Activity → The entries are to be written out word for word, with their images left out.

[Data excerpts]

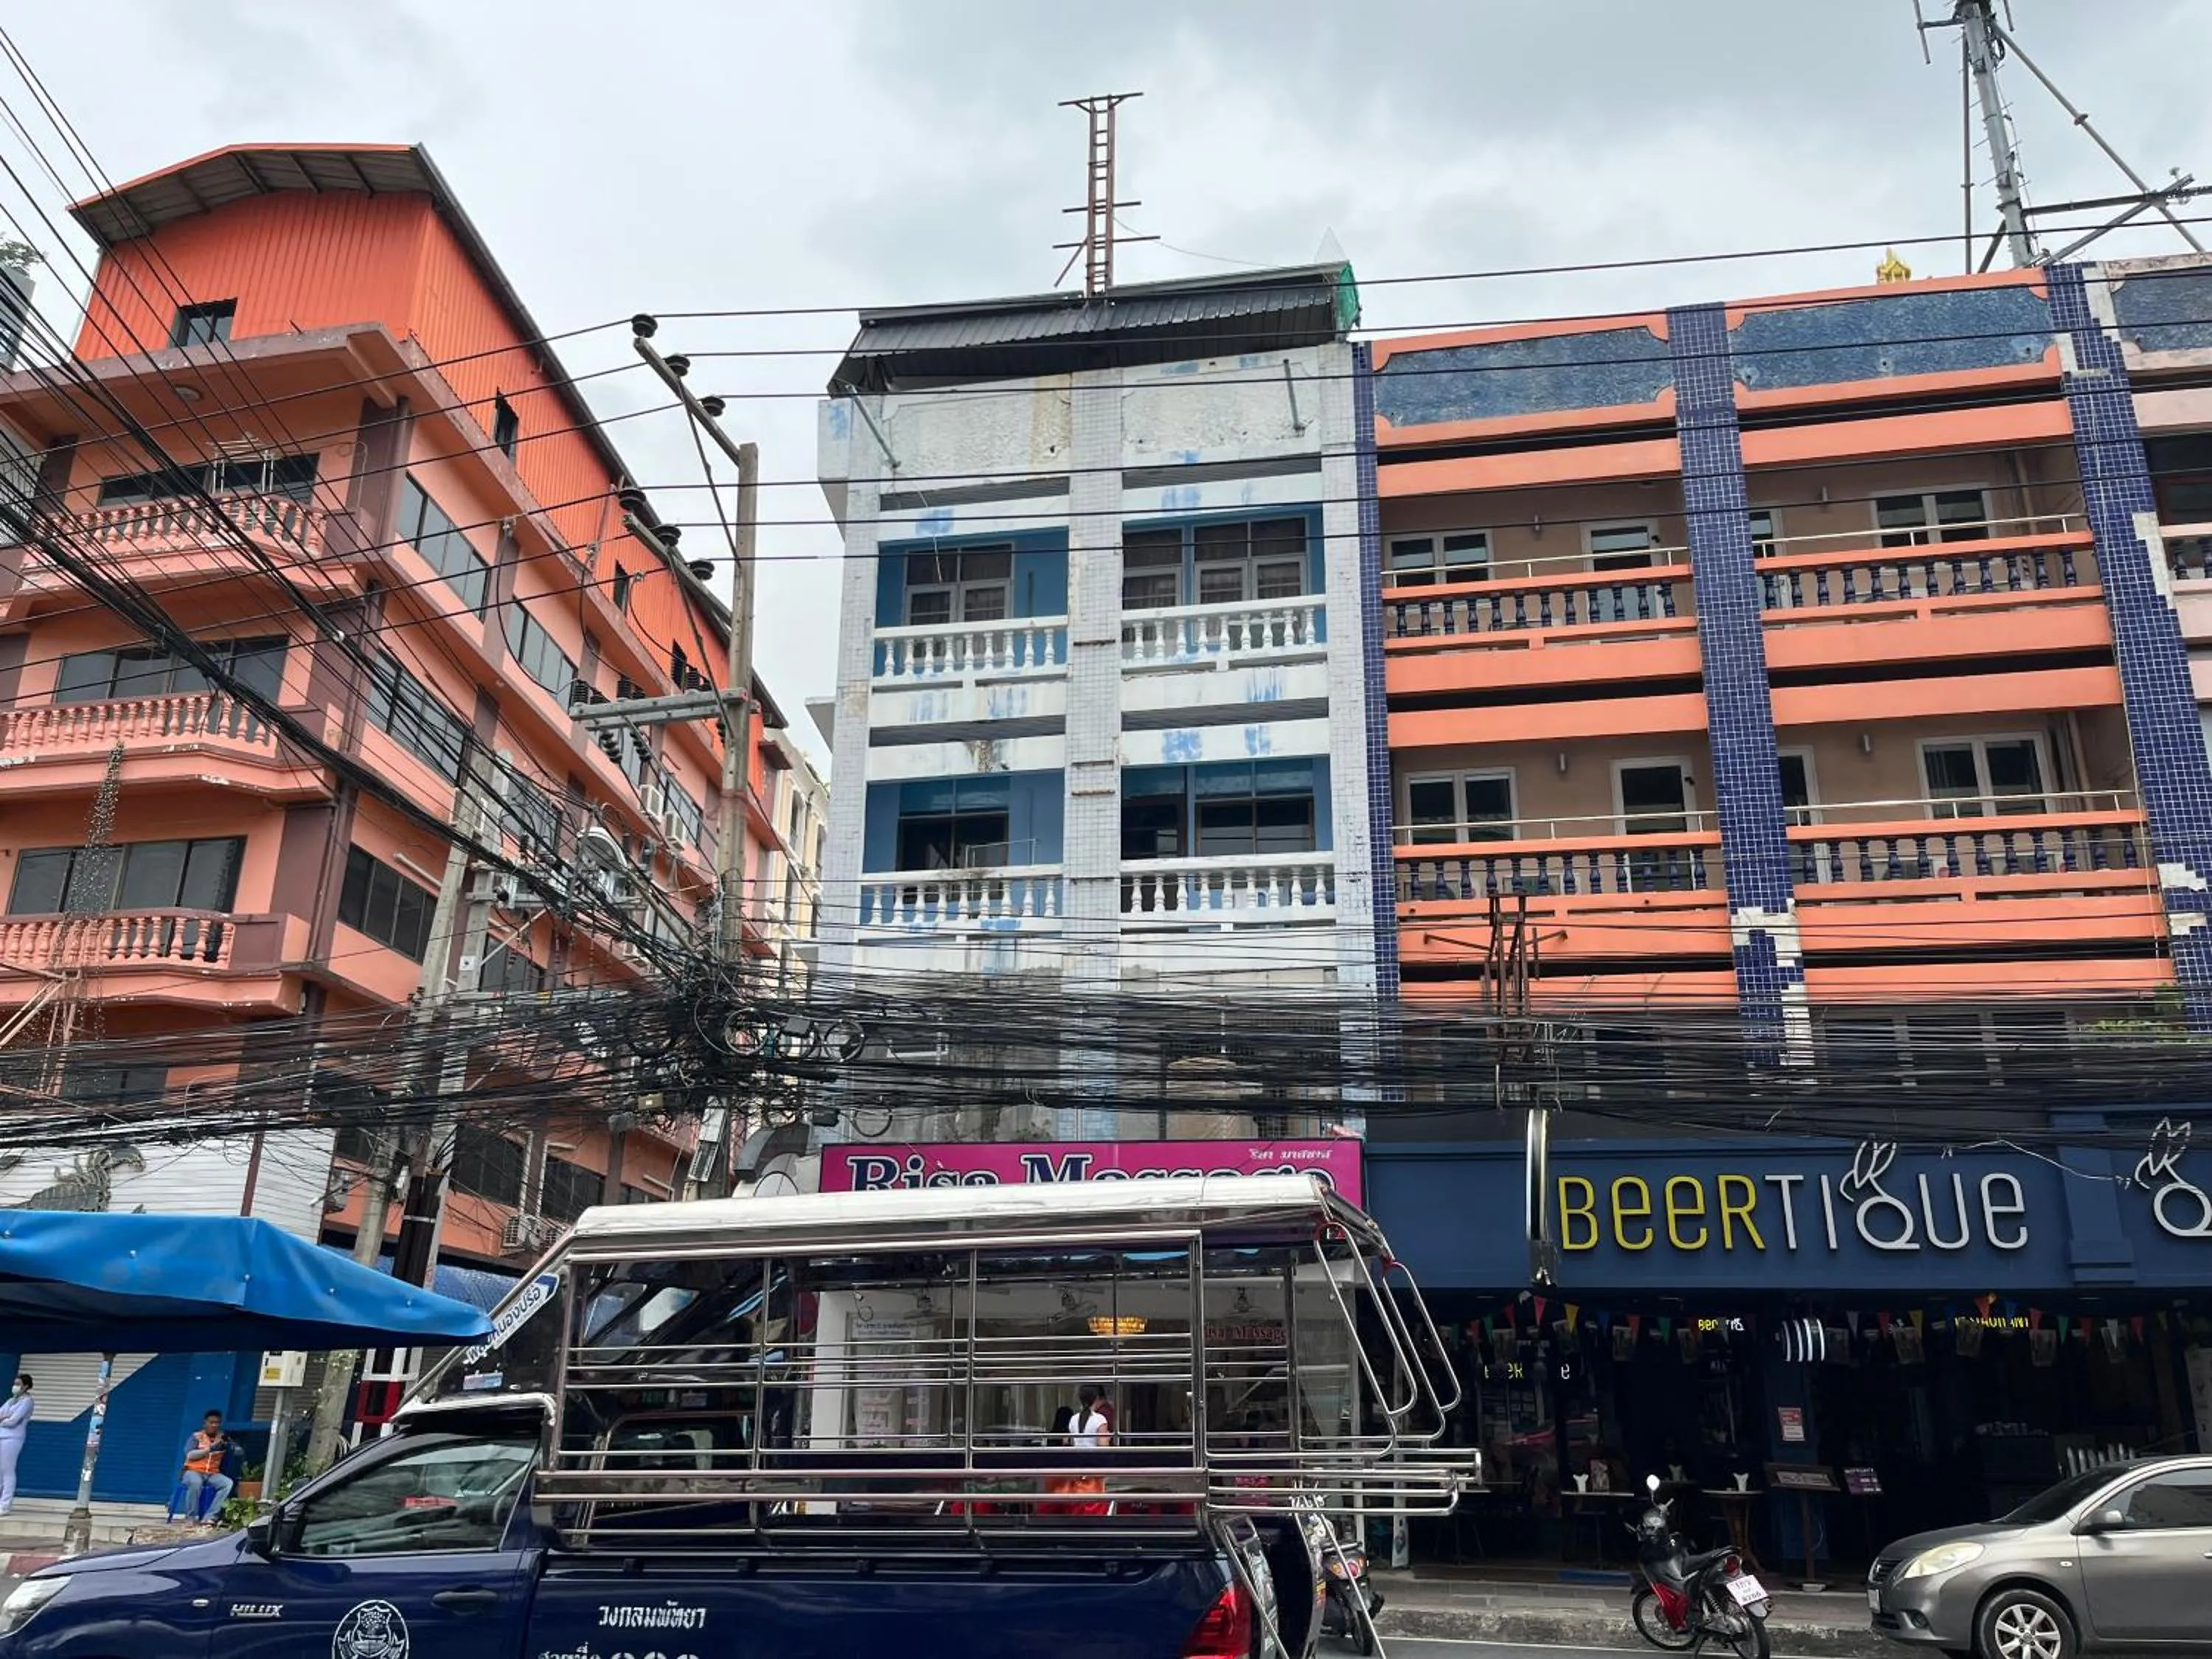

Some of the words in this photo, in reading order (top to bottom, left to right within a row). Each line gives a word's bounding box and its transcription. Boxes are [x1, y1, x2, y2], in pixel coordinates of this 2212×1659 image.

[230, 1604, 283, 1617] HILUX
[598, 1600, 706, 1629] วงกลมพัทยา
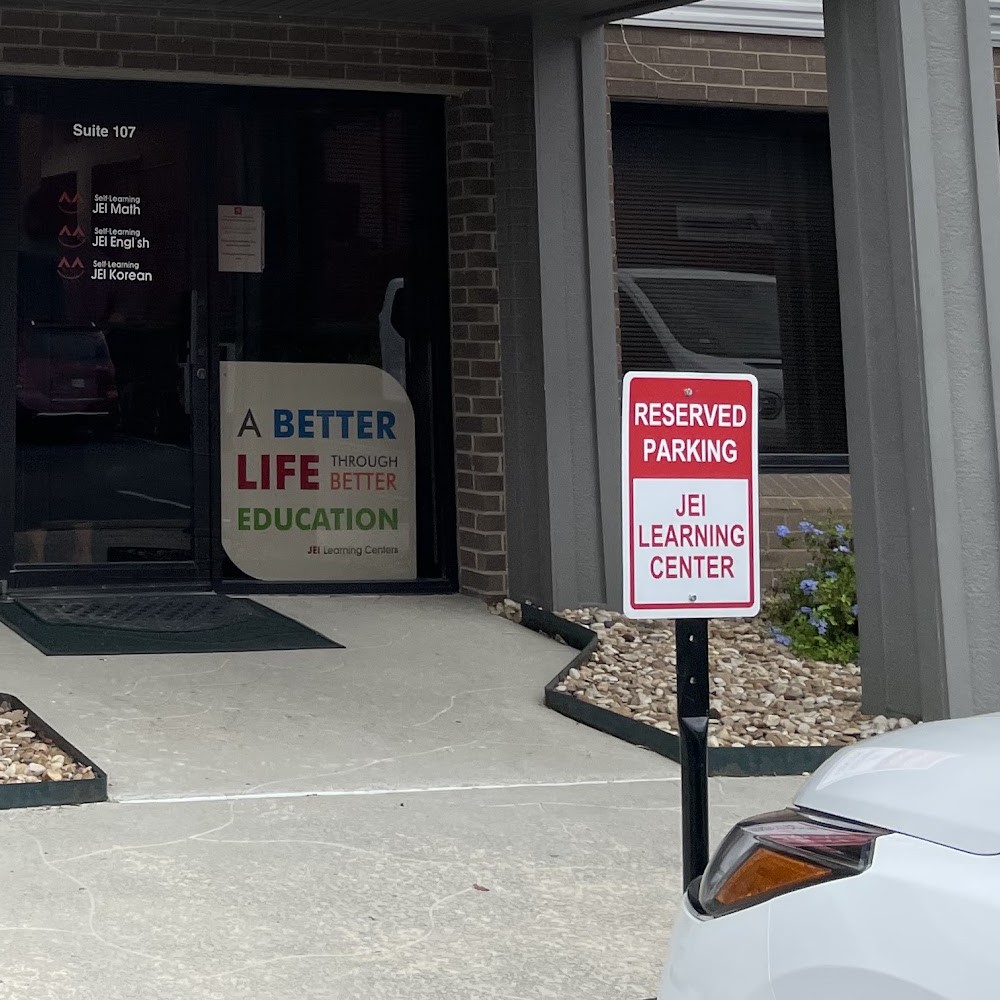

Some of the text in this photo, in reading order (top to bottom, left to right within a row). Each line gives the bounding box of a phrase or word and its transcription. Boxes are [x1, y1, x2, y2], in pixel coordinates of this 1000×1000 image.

[73, 123, 136, 138] Suite 107
[94, 194, 141, 204] Self-Learning
[92, 203, 141, 215] JEI Math
[94, 227, 141, 238] Self-Learning
[92, 236, 107, 247] JEI
[93, 260, 140, 270] Self-Learning
[91, 269, 153, 282] JEI Korean
[237, 407, 397, 440] A BETTER
[634, 402, 747, 428] RESERVED
[642, 438, 738, 463] PARKING
[330, 455, 398, 468] THROUGH
[237, 454, 320, 490] LIFE
[330, 472, 397, 491] BETTER
[675, 493, 706, 517] JEI
[237, 507, 399, 531] EDUCATION
[638, 524, 745, 548] LEARNING
[307, 545, 399, 556] JEI Learning Centers
[650, 555, 735, 579] CENTER
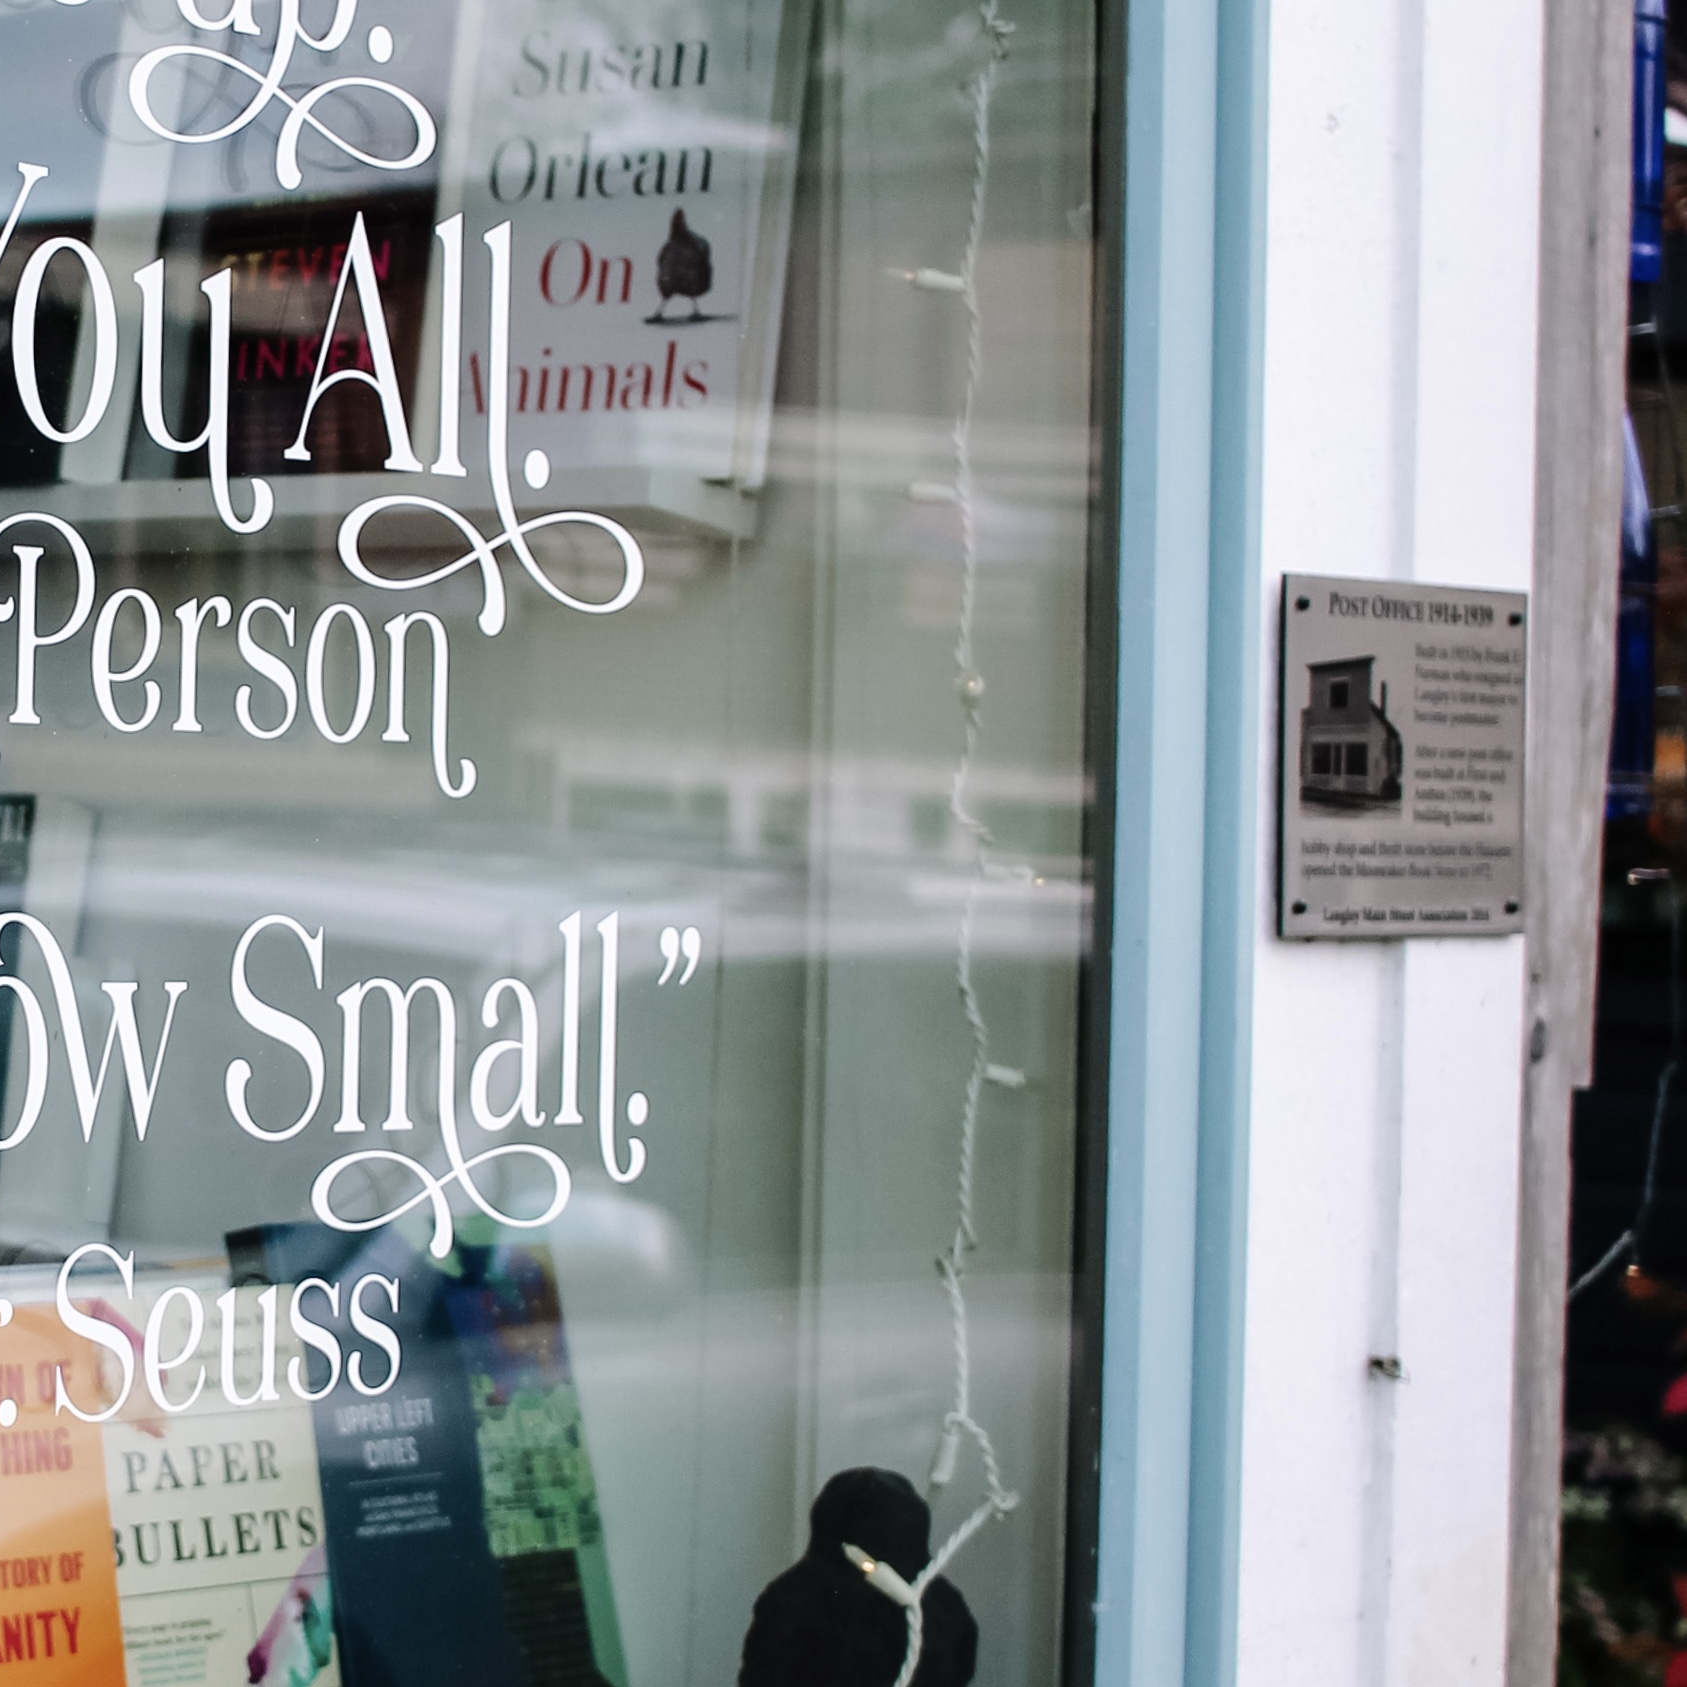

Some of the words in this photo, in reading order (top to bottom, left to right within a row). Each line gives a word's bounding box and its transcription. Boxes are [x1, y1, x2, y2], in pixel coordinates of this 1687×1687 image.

[513, 29, 710, 101] Susan
[489, 131, 714, 206] Orlean
[538, 237, 634, 307] On
[283, 210, 644, 637] All.
[1329, 591, 1369, 617] POST
[1372, 595, 1424, 622] OFFICE
[54, 1242, 401, 1424] Seuss
[122, 1438, 280, 1494] PAPER
[58, 1551, 85, 1584] OF

Completed task →
Some of the words in this photo, in reading order (top to bottom, left to right within a row). Each line gives a word's bounding box and its transcription. Boxes are [x1, y1, x2, y2], in pixel coordinates of this 2212×1659 image.

[230, 1604, 283, 1617] HILUX
[598, 1600, 706, 1629] วงกลมพัทยา

Some of the text in this photo, in reading order (top to bottom, left to right within a row). Each line gives the bounding box of a phrase or word and its transcription. Boxes are [x1, y1, x2, y2], in pixel coordinates of this 1000×1000 image.

[73, 123, 136, 138] Suite 107
[94, 194, 141, 204] Self-Learning
[92, 203, 141, 215] JEI Math
[94, 227, 141, 238] Self-Learning
[92, 236, 107, 247] JEI
[93, 260, 140, 270] Self-Learning
[91, 269, 153, 282] JEI Korean
[237, 407, 397, 440] A BETTER
[634, 402, 747, 428] RESERVED
[642, 438, 738, 463] PARKING
[330, 455, 398, 468] THROUGH
[237, 454, 320, 490] LIFE
[330, 472, 397, 491] BETTER
[675, 493, 706, 517] JEI
[237, 507, 399, 531] EDUCATION
[638, 524, 745, 548] LEARNING
[307, 545, 399, 556] JEI Learning Centers
[650, 555, 735, 579] CENTER

Some of the words in this photo, in reading order (top to bottom, left to right within a row). Each line gives a word's bounding box and its transcription. Boxes are [x1, y1, x2, y2], in pixel coordinates of this 1687×1687 image.

[513, 29, 710, 101] Susan
[489, 131, 714, 206] Orlean
[538, 237, 634, 307] On
[283, 210, 644, 637] All.
[1329, 591, 1369, 617] POST
[1372, 595, 1424, 622] OFFICE
[54, 1242, 401, 1424] Seuss
[122, 1438, 280, 1494] PAPER
[58, 1551, 85, 1584] OF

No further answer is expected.